Stored data entries

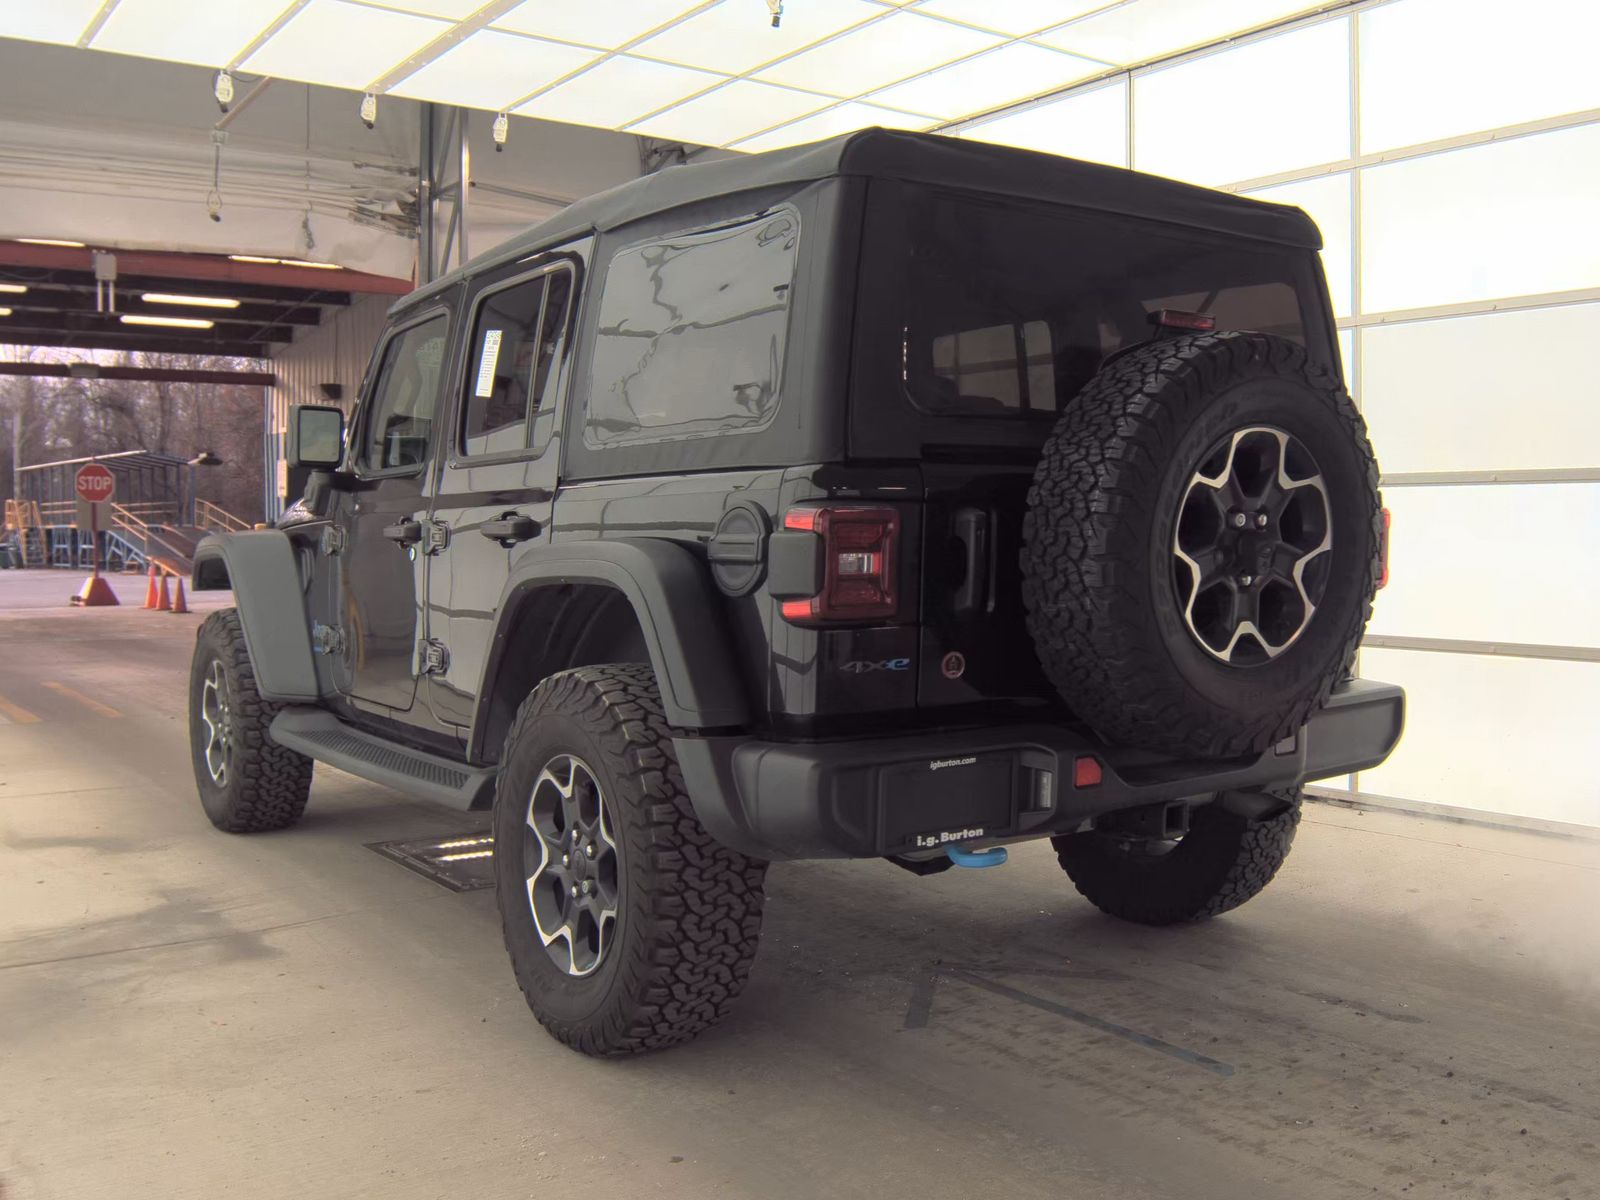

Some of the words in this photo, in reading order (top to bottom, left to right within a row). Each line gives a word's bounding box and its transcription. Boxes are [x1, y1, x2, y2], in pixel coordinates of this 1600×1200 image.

[78, 476, 112, 491] STOP
[930, 757, 977, 771] igburton.com
[940, 828, 984, 842] Burton
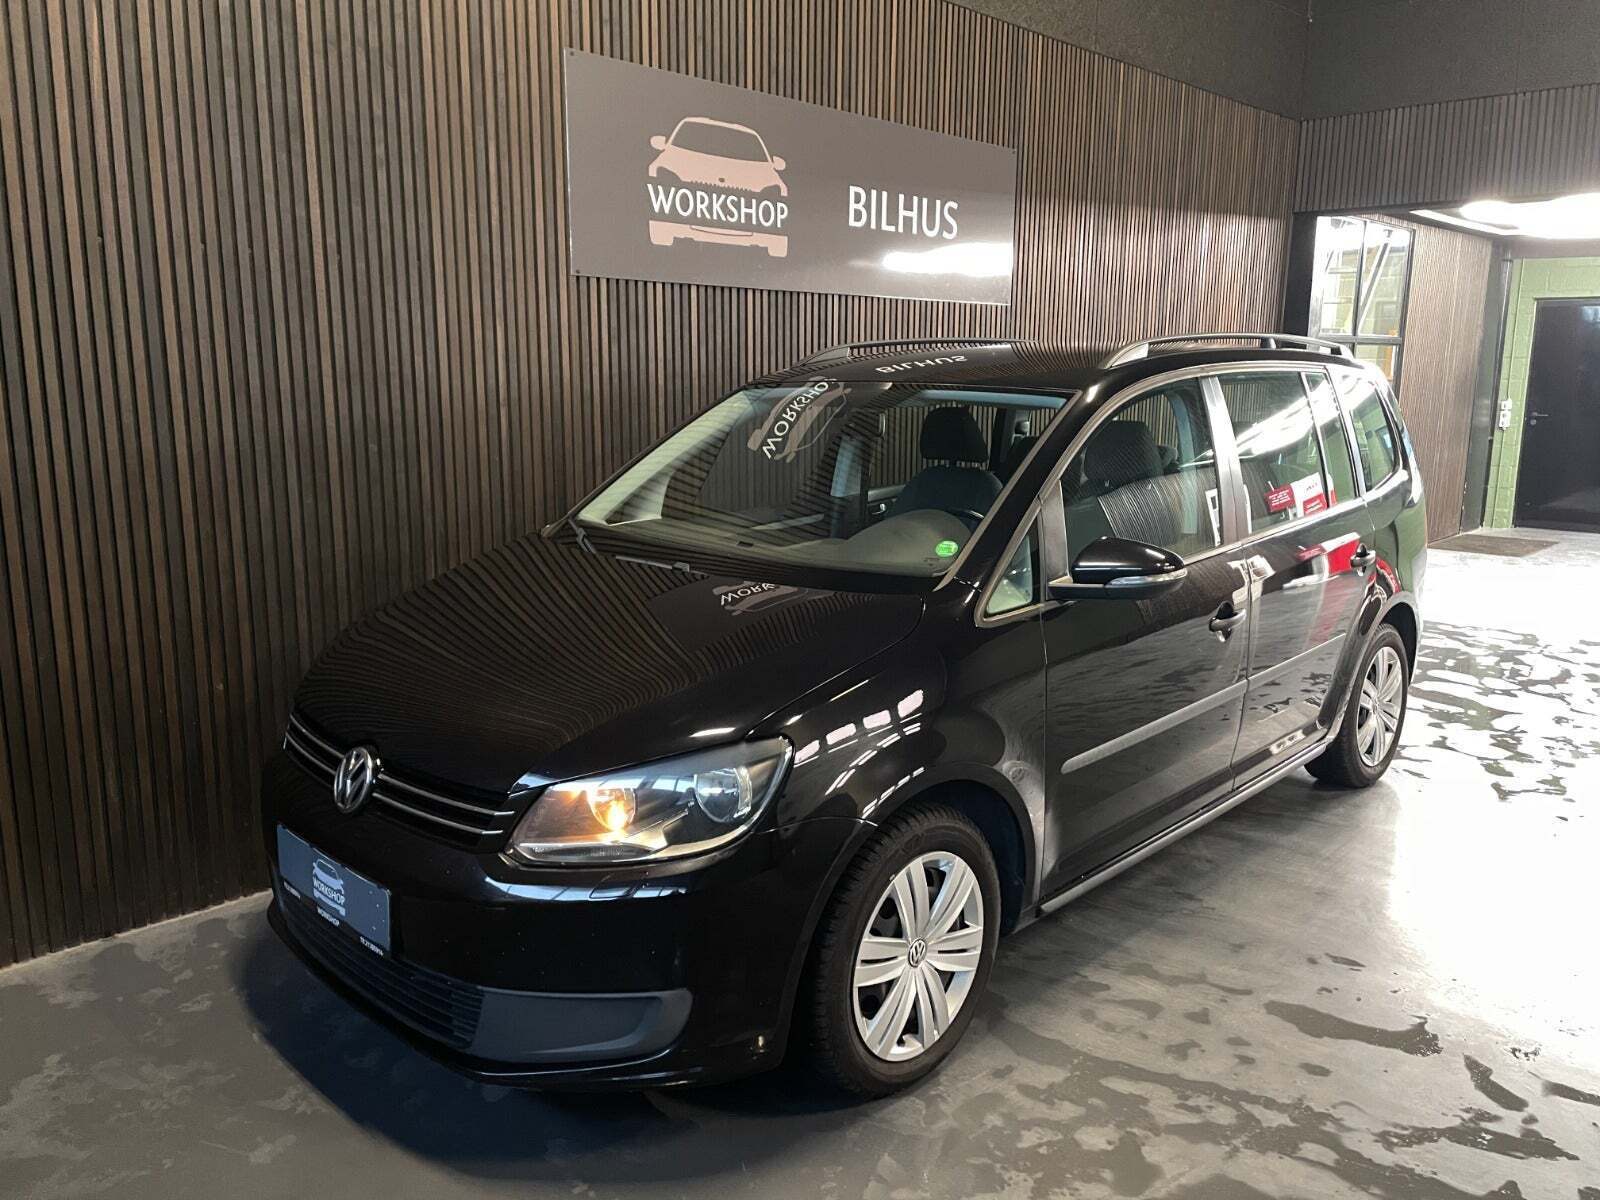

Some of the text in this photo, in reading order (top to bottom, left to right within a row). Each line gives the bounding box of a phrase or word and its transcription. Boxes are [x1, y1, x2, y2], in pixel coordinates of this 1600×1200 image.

[646, 183, 789, 228] WORKSHOP
[848, 185, 959, 240] BILHUS
[313, 876, 346, 906] WORKSHOP

Task goal: Only the lines from the one containing "Some of the text" through the final line above should be duplicated, exactly as they stand.

Answer to the exercise:
Some of the text in this photo, in reading order (top to bottom, left to right within a row). Each line gives the bounding box of a phrase or word and its transcription. Boxes are [x1, y1, x2, y2], in pixel coordinates of this 1600×1200 image.

[646, 183, 789, 228] WORKSHOP
[848, 185, 959, 240] BILHUS
[313, 876, 346, 906] WORKSHOP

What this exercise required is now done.